Anthropogenic impacts on mangrove and saltmarsh communities in eastern Australia

The global phenomenon of mangrove encroachment into saltmarshes has been observed across five continents. It has been proposed that this encroachment is driven in part by rising atmospheric CO2 concentration and reduced salinity in saltmarshes resulting from rising sea levels enhancing the establishment success of mangrove seedlings. However, this is yet to be empirically tested at the community-level. In this study, we examined the effect of CO2 and salinity on seedling growth of two mangrove species, Aegiceras corniculatum and Avicennia
marina, grown individually and in a model saltmarsh community in a glasshouse experiment. We found that the shoot (210%) and root (91%) biomass of the saltmarsh species was significantly greater under elevated CO2. As a result, both mangrove species experienced a stronger competitive effect from the saltmarsh species under elevated CO2. Nevertheless, A. marina seedlings produced on average 48% more biomass under elevated CO2 when grown in competition with the saltmarsh species which they used to grow taller suggesting they were light
limited. In contrast, A. corniculatum growth did not significantly differ between CO2 treatments.

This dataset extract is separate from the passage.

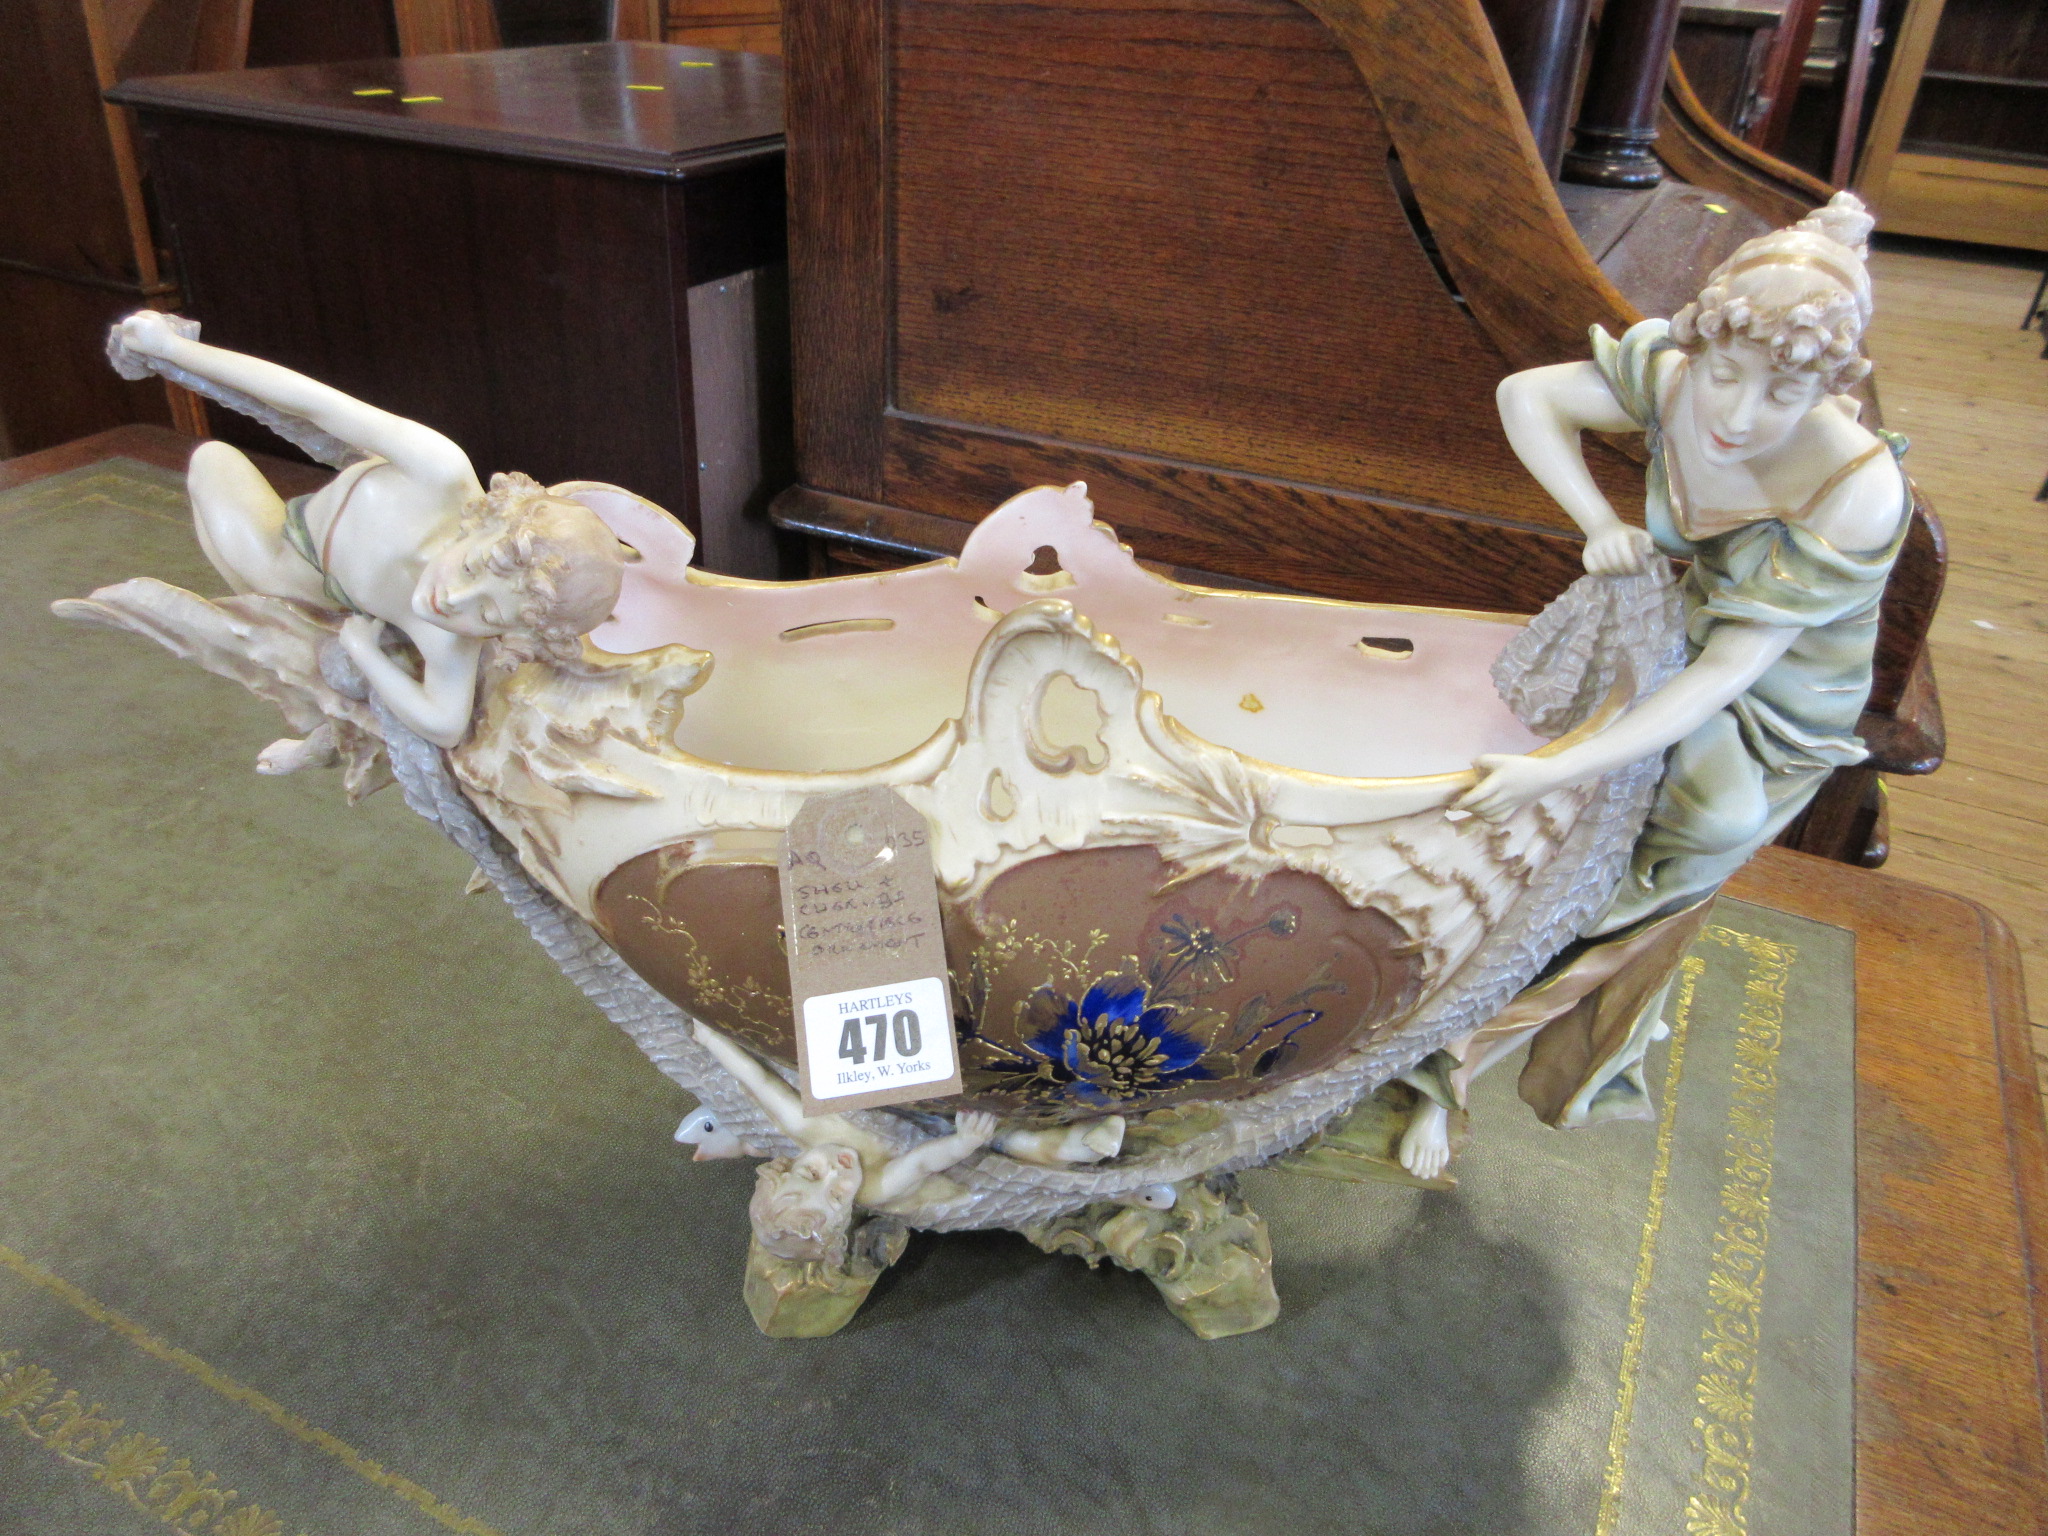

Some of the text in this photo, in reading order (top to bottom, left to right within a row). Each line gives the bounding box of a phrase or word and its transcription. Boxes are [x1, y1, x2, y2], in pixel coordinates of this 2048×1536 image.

[838, 992, 913, 1014] HARTLEYS
[838, 1009, 922, 1065] 470
[837, 1061, 931, 1084] Ilkley, W. Yorks

However, it had on average 36% greater growth under seawater salinity compared to hypersaline conditions. Avicenna marina seedlings were not affected by salinity. From these results, we suggest that although CO2 and salinity are not universal drivers determining saltmarsh-mangrove boundaries, it is likely that rising atmospheric CO2 concentration and reduced salinity associated with sea level rise will enhance the establishment success of mangrove seedlings in saltmarshes, which may facilitate mangrove encroachment in the future.

Ina G., 2019. Anthropogenic impacts on mangrove and saltmarsh communities in eastern Australia. PhD thesis, University of Hamburg and Macquarie University. 153 pp. Thesis.